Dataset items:
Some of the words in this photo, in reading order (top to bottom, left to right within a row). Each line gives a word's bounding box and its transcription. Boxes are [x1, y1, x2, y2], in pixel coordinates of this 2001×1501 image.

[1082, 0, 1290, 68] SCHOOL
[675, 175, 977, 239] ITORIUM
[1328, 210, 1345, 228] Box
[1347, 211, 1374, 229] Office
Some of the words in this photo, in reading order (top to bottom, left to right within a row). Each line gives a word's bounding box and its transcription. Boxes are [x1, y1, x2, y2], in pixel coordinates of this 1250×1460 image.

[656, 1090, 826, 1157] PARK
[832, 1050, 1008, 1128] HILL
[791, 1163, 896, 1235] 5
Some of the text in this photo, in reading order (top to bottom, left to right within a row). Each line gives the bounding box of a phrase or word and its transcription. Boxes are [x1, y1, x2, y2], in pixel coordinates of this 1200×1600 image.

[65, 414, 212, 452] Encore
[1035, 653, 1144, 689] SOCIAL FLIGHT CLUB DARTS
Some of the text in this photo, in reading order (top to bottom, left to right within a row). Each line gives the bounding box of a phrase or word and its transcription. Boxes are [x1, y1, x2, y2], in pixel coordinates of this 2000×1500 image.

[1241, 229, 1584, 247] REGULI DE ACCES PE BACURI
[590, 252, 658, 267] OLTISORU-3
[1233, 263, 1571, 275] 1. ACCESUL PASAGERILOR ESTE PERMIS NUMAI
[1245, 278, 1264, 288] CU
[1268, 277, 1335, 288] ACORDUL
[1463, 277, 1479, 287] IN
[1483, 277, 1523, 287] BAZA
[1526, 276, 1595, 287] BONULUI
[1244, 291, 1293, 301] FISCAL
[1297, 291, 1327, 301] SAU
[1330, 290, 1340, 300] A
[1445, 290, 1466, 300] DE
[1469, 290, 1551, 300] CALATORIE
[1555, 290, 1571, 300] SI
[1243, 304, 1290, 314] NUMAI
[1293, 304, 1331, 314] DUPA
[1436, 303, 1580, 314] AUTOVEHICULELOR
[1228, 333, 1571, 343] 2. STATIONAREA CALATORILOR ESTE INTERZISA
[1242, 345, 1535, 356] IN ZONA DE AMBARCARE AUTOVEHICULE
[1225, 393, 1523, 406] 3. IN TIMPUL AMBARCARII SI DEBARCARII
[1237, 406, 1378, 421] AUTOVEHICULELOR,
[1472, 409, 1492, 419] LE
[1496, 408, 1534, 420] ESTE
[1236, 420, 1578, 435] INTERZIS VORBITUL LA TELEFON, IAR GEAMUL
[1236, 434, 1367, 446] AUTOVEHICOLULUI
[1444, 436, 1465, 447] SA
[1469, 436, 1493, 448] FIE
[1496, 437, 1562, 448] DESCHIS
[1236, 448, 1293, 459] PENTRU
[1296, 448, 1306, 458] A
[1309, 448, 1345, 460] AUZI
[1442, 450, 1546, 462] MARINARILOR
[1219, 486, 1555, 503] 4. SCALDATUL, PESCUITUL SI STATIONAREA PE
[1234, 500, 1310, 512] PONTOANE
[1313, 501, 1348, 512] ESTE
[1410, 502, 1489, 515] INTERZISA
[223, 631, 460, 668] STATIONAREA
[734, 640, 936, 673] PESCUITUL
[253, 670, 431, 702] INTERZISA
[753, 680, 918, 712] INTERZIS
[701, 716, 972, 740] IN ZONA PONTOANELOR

▸ Task prompt
Each record above should be returned exactly as written.

▸ Response below
Some of the words in this photo, in reading order (top to bottom, left to right within a row). Each line gives a word's bounding box and its transcription. Boxes are [x1, y1, x2, y2], in pixel coordinates of this 2001×1501 image.

[1082, 0, 1290, 68] SCHOOL
[675, 175, 977, 239] ITORIUM
[1328, 210, 1345, 228] Box
[1347, 211, 1374, 229] Office
Some of the words in this photo, in reading order (top to bottom, left to right within a row). Each line gives a word's bounding box and its transcription. Boxes are [x1, y1, x2, y2], in pixel coordinates of this 1250×1460 image.

[656, 1090, 826, 1157] PARK
[832, 1050, 1008, 1128] HILL
[791, 1163, 896, 1235] 5
Some of the text in this photo, in reading order (top to bottom, left to right within a row). Each line gives the bounding box of a phrase or word and its transcription. Boxes are [x1, y1, x2, y2], in pixel coordinates of this 1200×1600 image.

[65, 414, 212, 452] Encore
[1035, 653, 1144, 689] SOCIAL FLIGHT CLUB DARTS
Some of the text in this photo, in reading order (top to bottom, left to right within a row). Each line gives the bounding box of a phrase or word and its transcription. Boxes are [x1, y1, x2, y2], in pixel coordinates of this 2000×1500 image.

[1241, 229, 1584, 247] REGULI DE ACCES PE BACURI
[590, 252, 658, 267] OLTISORU-3
[1233, 263, 1571, 275] 1. ACCESUL PASAGERILOR ESTE PERMIS NUMAI
[1245, 278, 1264, 288] CU
[1268, 277, 1335, 288] ACORDUL
[1463, 277, 1479, 287] IN
[1483, 277, 1523, 287] BAZA
[1526, 276, 1595, 287] BONULUI
[1244, 291, 1293, 301] FISCAL
[1297, 291, 1327, 301] SAU
[1330, 290, 1340, 300] A
[1445, 290, 1466, 300] DE
[1469, 290, 1551, 300] CALATORIE
[1555, 290, 1571, 300] SI
[1243, 304, 1290, 314] NUMAI
[1293, 304, 1331, 314] DUPA
[1436, 303, 1580, 314] AUTOVEHICULELOR
[1228, 333, 1571, 343] 2. STATIONAREA CALATORILOR ESTE INTERZISA
[1242, 345, 1535, 356] IN ZONA DE AMBARCARE AUTOVEHICULE
[1225, 393, 1523, 406] 3. IN TIMPUL AMBARCARII SI DEBARCARII
[1237, 406, 1378, 421] AUTOVEHICULELOR,
[1472, 409, 1492, 419] LE
[1496, 408, 1534, 420] ESTE
[1236, 420, 1578, 435] INTERZIS VORBITUL LA TELEFON, IAR GEAMUL
[1236, 434, 1367, 446] AUTOVEHICOLULUI
[1444, 436, 1465, 447] SA
[1469, 436, 1493, 448] FIE
[1496, 437, 1562, 448] DESCHIS
[1236, 448, 1293, 459] PENTRU
[1296, 448, 1306, 458] A
[1309, 448, 1345, 460] AUZI
[1442, 450, 1546, 462] MARINARILOR
[1219, 486, 1555, 503] 4. SCALDATUL, PESCUITUL SI STATIONAREA PE
[1234, 500, 1310, 512] PONTOANE
[1313, 501, 1348, 512] ESTE
[1410, 502, 1489, 515] INTERZISA
[223, 631, 460, 668] STATIONAREA
[734, 640, 936, 673] PESCUITUL
[253, 670, 431, 702] INTERZISA
[753, 680, 918, 712] INTERZIS
[701, 716, 972, 740] IN ZONA PONTOANELOR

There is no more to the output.